Jess leaned back, pressing his head against the wide base of the tree. “It was so stupid, really. I knew better. I wasn’t some dumb kid. She began asking me questions about my work. Nothing big, nothing to raise alarms, but still, it should have. I just took it that she was interested, and believe it or not, I actually felt guilty that I couldn’t tell her anything.”
Saber drew up her knees and rested her chin on them. She could see clever Chaleen manipulating a man into feeling guilty.
“At least at first I felt guilty. Somewhere along the line I realized she really didn’t like all the things she pretended interest in. She was only acting.”
Chaleen had probably studied him, found out his every interest, and become the person he would be attracted to before she’d moved in on him. Chaleen-black widow spider. Saber twisted her fingers together, already afraid for him. If the woman had come back, she’d come for a reason.
“An assignment went bad. I was taken prisoner, and tortured. I’d been shot in both legs so they smashed what was left of my lower legs to try and break me. They wanted me to give up a colleague.” He looked at her, wanting her to know what kind of man he was. “I didn’t.”
She rubbed her palm over his thigh in silent sympathy.

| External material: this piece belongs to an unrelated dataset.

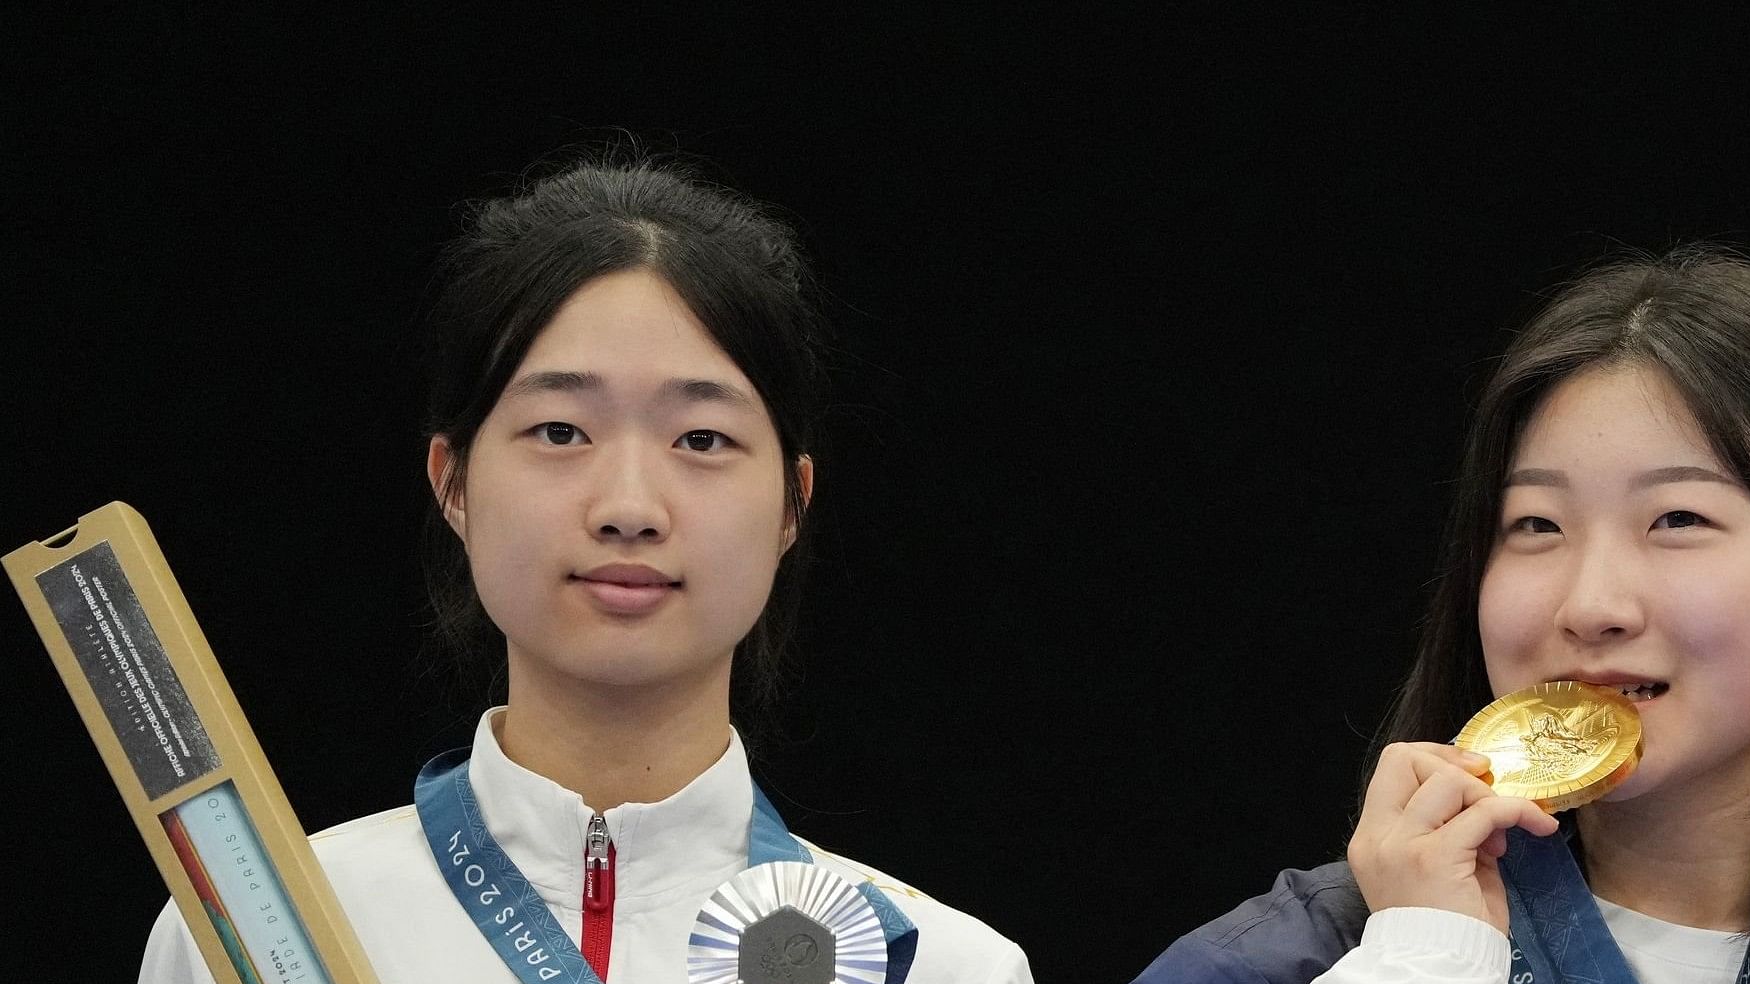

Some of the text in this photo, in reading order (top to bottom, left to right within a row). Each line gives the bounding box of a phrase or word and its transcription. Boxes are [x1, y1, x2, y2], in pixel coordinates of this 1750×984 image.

He still felt it sometimes, those blows landing on the raw gaping wounds, felt the bones shattering inside his skin. His stomach knotted and for one moment bile rose. He fought it down. “I stared at the ceiling for three straight weeks after they brought me to the hospital. Just stared at it, without seeing or speaking.”
Instantly her eyes clouded and she caught his hand in both of hers. “Oh, Jesse, how terrible for you. I didn’t mean for you to relive a horrible memory.” She knelt close to him. “I’m sorry, so sorry I brought this up.”
His hand shaped her face, caressed her soft skin, traced her delicate cheekbones. “Don’t be sorry. I wanted to tell you or I wouldn’t have.”
“Were your parents with you?”
“I wouldn’t see them, I couldn’t. I had to decide on my own what to do with the rest of my life. I didn’t want anyone to pressure me one way or the other. The decisions I made had to be mine, ones I could live with. But Chaleen came. And went. I wasn’t of use to her anymore, or to her bosses. I couldn’t give them anything, so there was no point in our engagement.”
Her heart dropped. He’d been engaged to Chaleen. Had he loved her? Really loved her? Perfect Chaleen was probably perfect in bed. Saber was so far from perfect at everything there wasn’t even any contest.
His thumb slid over her mouth. “I realized that I didn’t love her, that I never really had. So I didn’t retaliate. I just let her go and chalked it up to a lesson learned. I have a job that someone out there is interested in-a lot of somebodies. And they want to know what I’m doing.” His fingers slid to her curls and fisted there, holding her still while his gaze drifted over her upturned face, inspecting her expression.
His eyes went flat and cold. “I won’t be so nice if I find out you’re deceiving me, Saber. You, I care about. You got under my skin. So if you’re working undercover, now’s the time to tell me, because if you ever betrayed me, I would break your neck.”
The tone of his voice and the look in his eyes sent a shiver down her spine. She didn’t doubt that Jess would come after her if she deceived him in the way Chaleen had.